::: Raw data
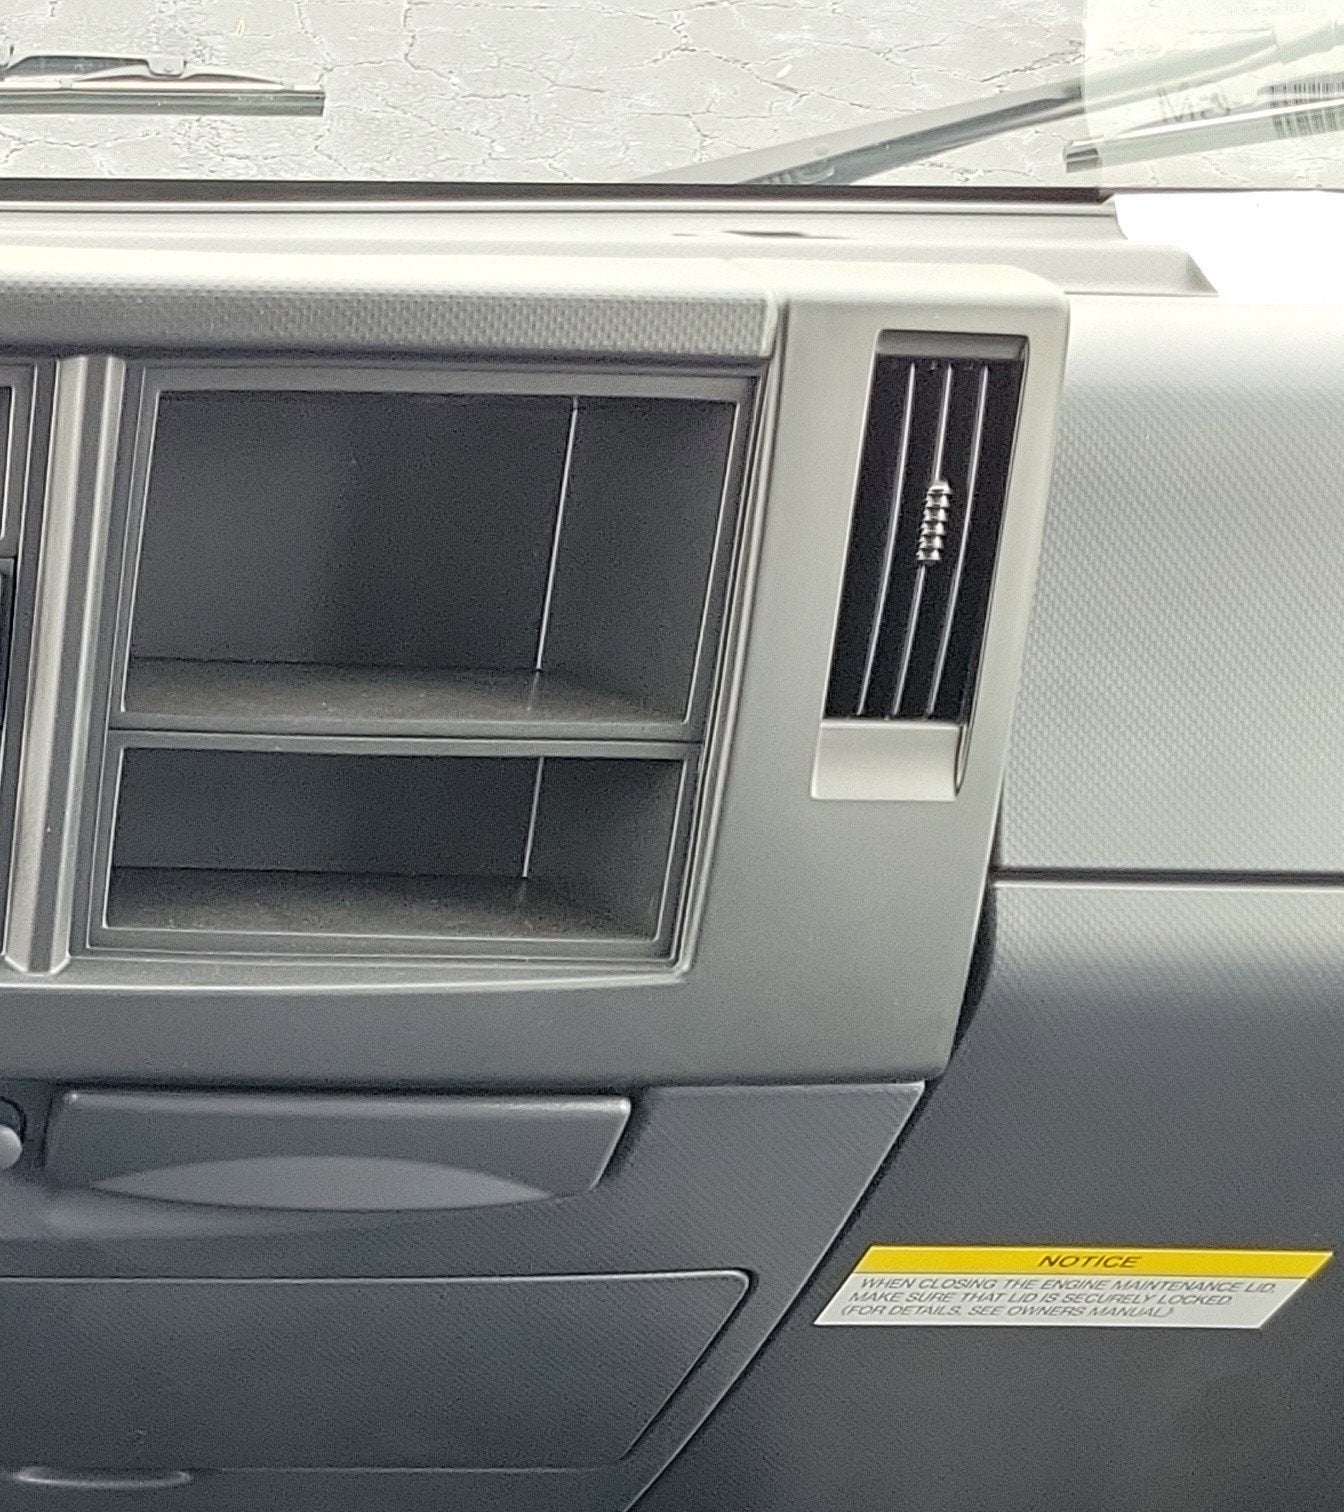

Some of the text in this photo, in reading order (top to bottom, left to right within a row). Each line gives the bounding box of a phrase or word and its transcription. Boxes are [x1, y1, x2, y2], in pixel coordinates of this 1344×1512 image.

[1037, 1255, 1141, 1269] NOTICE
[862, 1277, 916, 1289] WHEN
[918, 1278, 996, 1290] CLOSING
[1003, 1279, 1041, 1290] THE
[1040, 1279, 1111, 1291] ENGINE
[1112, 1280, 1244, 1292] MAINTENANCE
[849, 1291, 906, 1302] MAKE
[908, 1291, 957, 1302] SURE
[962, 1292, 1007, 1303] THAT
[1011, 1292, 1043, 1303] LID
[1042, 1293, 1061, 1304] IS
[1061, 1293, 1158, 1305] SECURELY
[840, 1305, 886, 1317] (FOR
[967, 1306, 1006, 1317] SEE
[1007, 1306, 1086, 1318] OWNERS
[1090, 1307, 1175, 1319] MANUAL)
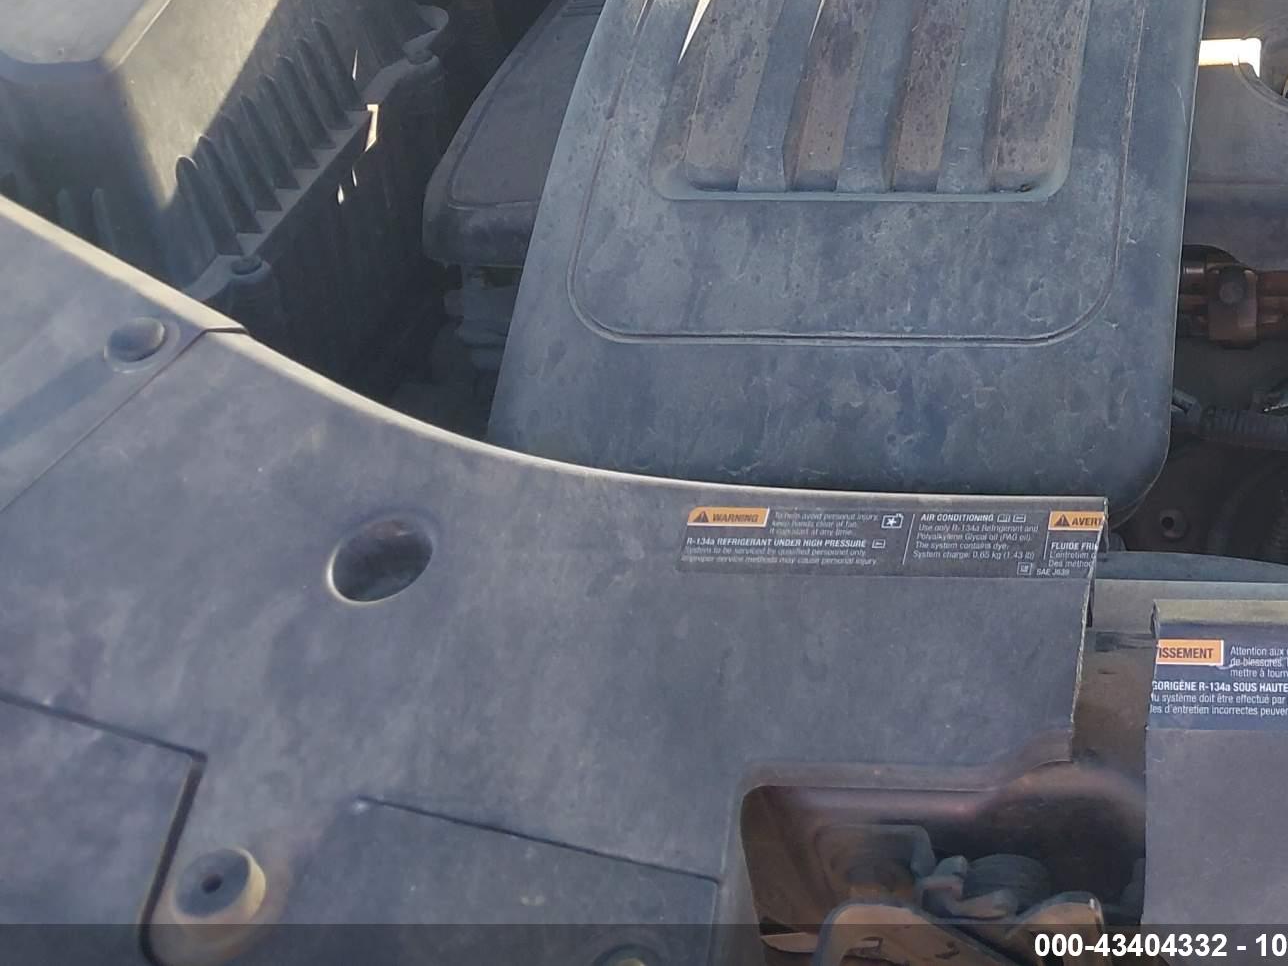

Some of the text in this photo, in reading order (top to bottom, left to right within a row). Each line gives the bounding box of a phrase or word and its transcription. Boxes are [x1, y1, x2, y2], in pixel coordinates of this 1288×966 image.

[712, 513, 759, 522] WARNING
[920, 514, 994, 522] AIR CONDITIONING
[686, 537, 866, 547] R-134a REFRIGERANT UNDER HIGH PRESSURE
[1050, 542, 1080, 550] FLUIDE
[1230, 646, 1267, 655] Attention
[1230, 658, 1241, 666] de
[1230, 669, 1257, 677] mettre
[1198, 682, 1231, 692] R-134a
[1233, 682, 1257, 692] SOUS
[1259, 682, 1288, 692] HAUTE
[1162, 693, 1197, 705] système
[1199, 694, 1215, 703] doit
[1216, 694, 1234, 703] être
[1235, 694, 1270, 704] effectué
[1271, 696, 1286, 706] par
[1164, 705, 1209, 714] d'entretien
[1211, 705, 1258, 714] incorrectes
::::::
Repeat the lines above exactly, and keep every picture out.

● **Response to the task**
Some of the text in this photo, in reading order (top to bottom, left to right within a row). Each line gives the bounding box of a phrase or word and its transcription. Boxes are [x1, y1, x2, y2], in pixel coordinates of this 1344×1512 image.

[1037, 1255, 1141, 1269] NOTICE
[862, 1277, 916, 1289] WHEN
[918, 1278, 996, 1290] CLOSING
[1003, 1279, 1041, 1290] THE
[1040, 1279, 1111, 1291] ENGINE
[1112, 1280, 1244, 1292] MAINTENANCE
[849, 1291, 906, 1302] MAKE
[908, 1291, 957, 1302] SURE
[962, 1292, 1007, 1303] THAT
[1011, 1292, 1043, 1303] LID
[1042, 1293, 1061, 1304] IS
[1061, 1293, 1158, 1305] SECURELY
[840, 1305, 886, 1317] (FOR
[967, 1306, 1006, 1317] SEE
[1007, 1306, 1086, 1318] OWNERS
[1090, 1307, 1175, 1319] MANUAL)

Some of the text in this photo, in reading order (top to bottom, left to right within a row). Each line gives the bounding box of a phrase or word and its transcription. Boxes are [x1, y1, x2, y2], in pixel coordinates of this 1288×966 image.

[712, 513, 759, 522] WARNING
[920, 514, 994, 522] AIR CONDITIONING
[686, 537, 866, 547] R-134a REFRIGERANT UNDER HIGH PRESSURE
[1050, 542, 1080, 550] FLUIDE
[1230, 646, 1267, 655] Attention
[1230, 658, 1241, 666] de
[1230, 669, 1257, 677] mettre
[1198, 682, 1231, 692] R-134a
[1233, 682, 1257, 692] SOUS
[1259, 682, 1288, 692] HAUTE
[1162, 693, 1197, 705] système
[1199, 694, 1215, 703] doit
[1216, 694, 1234, 703] être
[1235, 694, 1270, 704] effectué
[1271, 696, 1286, 706] par
[1164, 705, 1209, 714] d'entretien
[1211, 705, 1258, 714] incorrectes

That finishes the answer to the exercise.